Whatever though, have fun remaking Robin Hood again, Hollywood.
posted by Panjandrum at 8:43 AM on January 14, 2016 [7 favorites]


Considering the Oscar Nominations for 2016 have just been released, this is a very timely and appropriate post. For the second year in a row, all 20 Oscar acting nominees are white. And whereas the 2015 Oscar nominations included Selma, a Martin Luther King Jr. docudrama, among the Best Picture nominees, the 2016 lineup doesn't feature a single story about a person of color. (The directing list includes Latino Alejandro G. Iñárritu.)

See this thread.
posted by Fizz at 9:01 AM on January 14, 2016 [1 favorite]


To be fair, Star Wars: The Force Awakens has familial conflict, a princess in exile, evil magic, and a triumphant return.

But yes, I would watch the hell out of all of the above movies, Panjadrum.

The thing is, more recent historical eras, though they've been filmed to death with all-white casts, still have a ton of stories left in them if you actually look. Where's my Ida B. Wells biopic? Where's the tense espionage drama about Elizabeth van Lew and Mary Bowser, spying for the Union in Richmond? Where's the thrilling Napoleonic-era war epic about Alexandre Dumas, pére? Where's Noor Inayat Khan dying valiantly at the hands of the Nazis, or Ellen and William Craft's successful flight from slavery? How about Anna May Wong in the silent-film era? While we're all excited about Hamilton, how about a Culper Ring movie that puts Cato front and center?

There's so much, if they'd just look.
posted by nonasuch at 9:22 AM on January 14, 2016 [5 favorites]


Why the hell wasn't Coogler nominated for director? He did a great job with Creed: IMO, it does a better job of revisiting/reviving a 40-year-old franchise than even The Force Awakens. It's a tighter movie, with a more diverse a cast, and subverts the the original in interesting ways, while still respecting it.
posted by suelac at 9:42 AM on January 14, 2016 [8 favorites]


suelac, Up until you laid it out the way you just did, I had not really thought about how similar it was to SW:TFA. Wow, what a great assessment.
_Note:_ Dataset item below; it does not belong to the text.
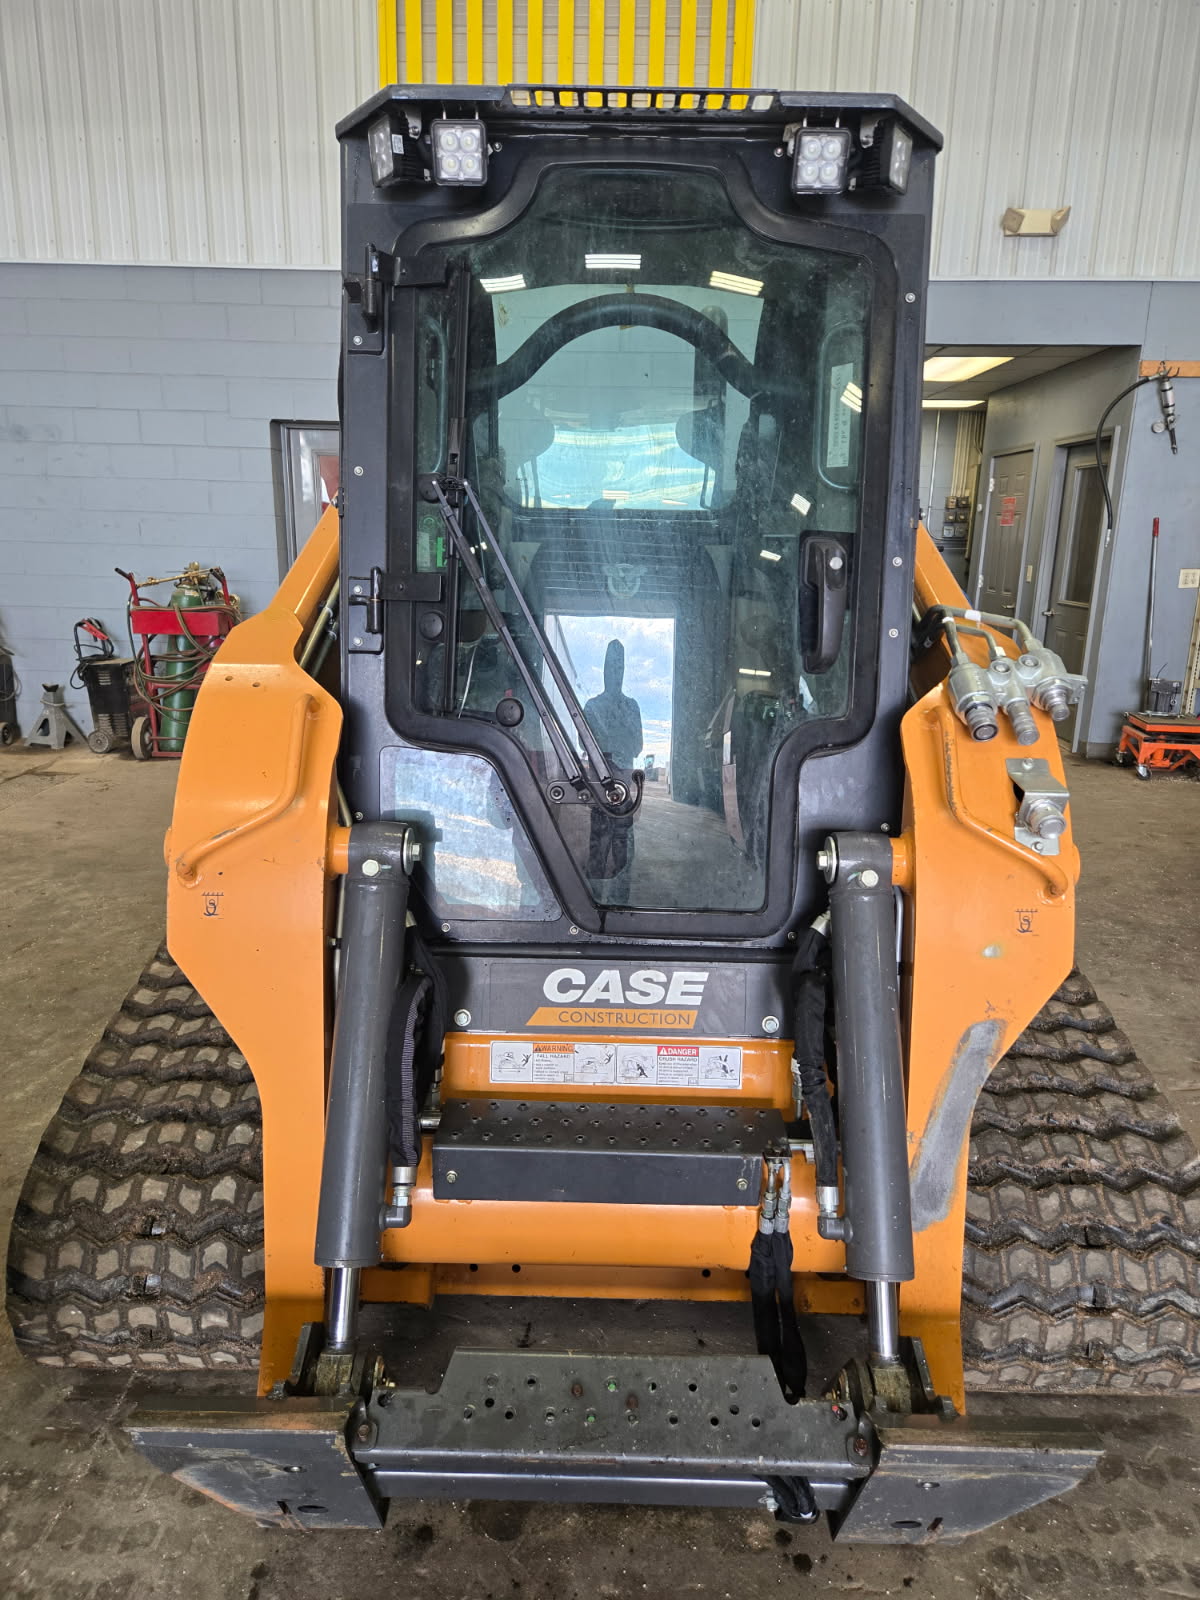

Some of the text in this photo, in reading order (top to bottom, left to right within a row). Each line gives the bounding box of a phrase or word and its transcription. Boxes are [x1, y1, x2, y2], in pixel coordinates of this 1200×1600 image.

[543, 968, 709, 1005] CASE
[558, 1010, 690, 1025] CONSTRUCTION
[541, 1044, 574, 1052] WARNING
[667, 1047, 697, 1055] DANGER
I enjoyed Star Wars but you're right, Creed took more risks and it just worked better as a film.
posted by Fizz at 10:15 AM on January 14, 2016


I've been wanting to see Creed, but it didn't seem to come to my local cinemas. Was it not widely released? I was really excited to see it! Love MBJ.
posted by areaperson at 2:03 PM on January 14, 2016


it didn't seem to come to my local cinemas

We live in very different places, areaperson, I guess: it played at my local theater for weeks, because Coogler is a hometown boy.
posted by suelac at 2:39 PM on January 14, 2016


W. Kamau Bell on Creed:
I love Rocky movies as much as I love Black cinema—and surprise!, Rocky is now officially a part of Black Cinema. Who could’ve imagined that Coogler would follow up his debut film, Fruitvale Station—the best film about racism in 2013; sorry, not sorry, 12 Years A Slave—with a Rocky sequel? It’s kind of like if Spike Lee had followed up his debut film, She’s Gotta Have It, by directing a James Bond film, but with Denzel Washington playing James Bond.

And Coogler does all this without losing any of the voice that made Fruitvale Station so important and revelatory—making Creed feel bigger in scope than any of the other Rocky movies. Creed stars Michael B. Jordan as a young Black man who is dealing with many of the issues that affect young Black men in this country today. This is a movie about how Black lives matter, without ever using the hashtag.
posted by ChuraChura at 8:00 AM on January 15, 2016 [4 favorites]


I've never heard of Mansa Musa. Coogler can make up whatever plot he wants, and I'll be there, none the wiser.